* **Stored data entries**
>>>
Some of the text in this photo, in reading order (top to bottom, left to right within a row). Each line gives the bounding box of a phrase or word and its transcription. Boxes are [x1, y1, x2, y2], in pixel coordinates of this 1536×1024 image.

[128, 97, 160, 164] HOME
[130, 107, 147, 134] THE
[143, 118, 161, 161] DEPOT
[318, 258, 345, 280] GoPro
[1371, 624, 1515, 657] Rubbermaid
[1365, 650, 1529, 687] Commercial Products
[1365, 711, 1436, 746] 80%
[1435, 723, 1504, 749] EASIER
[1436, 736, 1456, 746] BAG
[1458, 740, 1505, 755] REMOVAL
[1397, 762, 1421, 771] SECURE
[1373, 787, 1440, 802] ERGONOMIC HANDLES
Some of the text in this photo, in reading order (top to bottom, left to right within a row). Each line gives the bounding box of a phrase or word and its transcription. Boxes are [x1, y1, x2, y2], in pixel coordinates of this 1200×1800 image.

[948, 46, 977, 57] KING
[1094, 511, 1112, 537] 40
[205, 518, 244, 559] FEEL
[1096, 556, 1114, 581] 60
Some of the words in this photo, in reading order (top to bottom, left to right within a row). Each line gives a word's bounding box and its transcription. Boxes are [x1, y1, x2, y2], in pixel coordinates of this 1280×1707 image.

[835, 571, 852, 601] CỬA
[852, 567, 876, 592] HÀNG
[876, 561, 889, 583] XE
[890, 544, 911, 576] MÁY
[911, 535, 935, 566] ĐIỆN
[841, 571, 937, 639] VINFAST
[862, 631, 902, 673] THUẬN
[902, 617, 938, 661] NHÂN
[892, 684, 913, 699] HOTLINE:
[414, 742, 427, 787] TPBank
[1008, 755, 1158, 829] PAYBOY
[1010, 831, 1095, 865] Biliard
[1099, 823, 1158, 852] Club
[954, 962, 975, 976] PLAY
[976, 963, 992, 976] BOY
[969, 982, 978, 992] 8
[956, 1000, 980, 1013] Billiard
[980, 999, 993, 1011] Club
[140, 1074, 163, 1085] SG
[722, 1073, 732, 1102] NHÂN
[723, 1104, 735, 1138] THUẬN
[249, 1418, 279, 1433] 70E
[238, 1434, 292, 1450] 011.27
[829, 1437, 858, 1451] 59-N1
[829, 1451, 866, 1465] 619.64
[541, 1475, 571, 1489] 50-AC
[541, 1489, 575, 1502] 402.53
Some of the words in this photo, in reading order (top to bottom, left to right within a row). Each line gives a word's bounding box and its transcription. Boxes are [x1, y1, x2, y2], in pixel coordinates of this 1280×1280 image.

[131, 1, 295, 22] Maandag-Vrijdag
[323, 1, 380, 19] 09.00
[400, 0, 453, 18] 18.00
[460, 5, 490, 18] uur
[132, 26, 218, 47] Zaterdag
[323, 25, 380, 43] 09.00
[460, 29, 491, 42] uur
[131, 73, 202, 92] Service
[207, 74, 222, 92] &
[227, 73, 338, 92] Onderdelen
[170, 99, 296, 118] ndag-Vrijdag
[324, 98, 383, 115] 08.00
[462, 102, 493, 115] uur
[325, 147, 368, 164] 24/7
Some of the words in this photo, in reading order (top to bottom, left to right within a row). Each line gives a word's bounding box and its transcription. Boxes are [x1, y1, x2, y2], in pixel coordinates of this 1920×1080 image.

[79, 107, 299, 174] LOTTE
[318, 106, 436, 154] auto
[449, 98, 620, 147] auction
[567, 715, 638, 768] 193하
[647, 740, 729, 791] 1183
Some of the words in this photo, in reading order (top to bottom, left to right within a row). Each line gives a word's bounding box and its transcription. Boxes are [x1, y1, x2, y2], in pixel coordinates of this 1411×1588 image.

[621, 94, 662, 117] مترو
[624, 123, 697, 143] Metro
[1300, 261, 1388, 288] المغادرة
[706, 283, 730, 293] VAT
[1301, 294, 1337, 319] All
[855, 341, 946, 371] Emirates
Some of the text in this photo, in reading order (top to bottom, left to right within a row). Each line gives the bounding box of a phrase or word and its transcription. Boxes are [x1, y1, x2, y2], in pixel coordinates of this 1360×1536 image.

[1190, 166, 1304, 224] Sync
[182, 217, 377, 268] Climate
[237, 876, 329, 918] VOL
<<<
* **WHAT IS BEING ASKED**
Produce a verbatim copy of each record above.

* **PROBLEM SOLUTION**
Some of the text in this photo, in reading order (top to bottom, left to right within a row). Each line gives the bounding box of a phrase or word and its transcription. Boxes are [x1, y1, x2, y2], in pixel coordinates of this 1536×1024 image.

[128, 97, 160, 164] HOME
[130, 107, 147, 134] THE
[143, 118, 161, 161] DEPOT
[318, 258, 345, 280] GoPro
[1371, 624, 1515, 657] Rubbermaid
[1365, 650, 1529, 687] Commercial Products
[1365, 711, 1436, 746] 80%
[1435, 723, 1504, 749] EASIER
[1436, 736, 1456, 746] BAG
[1458, 740, 1505, 755] REMOVAL
[1397, 762, 1421, 771] SECURE
[1373, 787, 1440, 802] ERGONOMIC HANDLES
Some of the text in this photo, in reading order (top to bottom, left to right within a row). Each line gives the bounding box of a phrase or word and its transcription. Boxes are [x1, y1, x2, y2], in pixel coordinates of this 1200×1800 image.

[948, 46, 977, 57] KING
[1094, 511, 1112, 537] 40
[205, 518, 244, 559] FEEL
[1096, 556, 1114, 581] 60
Some of the words in this photo, in reading order (top to bottom, left to right within a row). Each line gives a word's bounding box and its transcription. Boxes are [x1, y1, x2, y2], in pixel coordinates of this 1280×1707 image.

[835, 571, 852, 601] CỬA
[852, 567, 876, 592] HÀNG
[876, 561, 889, 583] XE
[890, 544, 911, 576] MÁY
[911, 535, 935, 566] ĐIỆN
[841, 571, 937, 639] VINFAST
[862, 631, 902, 673] THUẬN
[902, 617, 938, 661] NHÂN
[892, 684, 913, 699] HOTLINE:
[414, 742, 427, 787] TPBank
[1008, 755, 1158, 829] PAYBOY
[1010, 831, 1095, 865] Biliard
[1099, 823, 1158, 852] Club
[954, 962, 975, 976] PLAY
[976, 963, 992, 976] BOY
[969, 982, 978, 992] 8
[956, 1000, 980, 1013] Billiard
[980, 999, 993, 1011] Club
[140, 1074, 163, 1085] SG
[722, 1073, 732, 1102] NHÂN
[723, 1104, 735, 1138] THUẬN
[249, 1418, 279, 1433] 70E
[238, 1434, 292, 1450] 011.27
[829, 1437, 858, 1451] 59-N1
[829, 1451, 866, 1465] 619.64
[541, 1475, 571, 1489] 50-AC
[541, 1489, 575, 1502] 402.53
Some of the words in this photo, in reading order (top to bottom, left to right within a row). Each line gives a word's bounding box and its transcription. Boxes are [x1, y1, x2, y2], in pixel coordinates of this 1280×1280 image.

[131, 1, 295, 22] Maandag-Vrijdag
[323, 1, 380, 19] 09.00
[400, 0, 453, 18] 18.00
[460, 5, 490, 18] uur
[132, 26, 218, 47] Zaterdag
[323, 25, 380, 43] 09.00
[460, 29, 491, 42] uur
[131, 73, 202, 92] Service
[207, 74, 222, 92] &
[227, 73, 338, 92] Onderdelen
[170, 99, 296, 118] ndag-Vrijdag
[324, 98, 383, 115] 08.00
[462, 102, 493, 115] uur
[325, 147, 368, 164] 24/7
Some of the words in this photo, in reading order (top to bottom, left to right within a row). Each line gives a word's bounding box and its transcription. Boxes are [x1, y1, x2, y2], in pixel coordinates of this 1920×1080 image.

[79, 107, 299, 174] LOTTE
[318, 106, 436, 154] auto
[449, 98, 620, 147] auction
[567, 715, 638, 768] 193하
[647, 740, 729, 791] 1183
Some of the words in this photo, in reading order (top to bottom, left to right within a row). Each line gives a word's bounding box and its transcription. Boxes are [x1, y1, x2, y2], in pixel coordinates of this 1411×1588 image.

[621, 94, 662, 117] مترو
[624, 123, 697, 143] Metro
[1300, 261, 1388, 288] المغادرة
[706, 283, 730, 293] VAT
[1301, 294, 1337, 319] All
[855, 341, 946, 371] Emirates
Some of the text in this photo, in reading order (top to bottom, left to right within a row). Each line gives the bounding box of a phrase or word and its transcription. Boxes are [x1, y1, x2, y2], in pixel coordinates of this 1360×1536 image.

[1190, 166, 1304, 224] Sync
[182, 217, 377, 268] Climate
[237, 876, 329, 918] VOL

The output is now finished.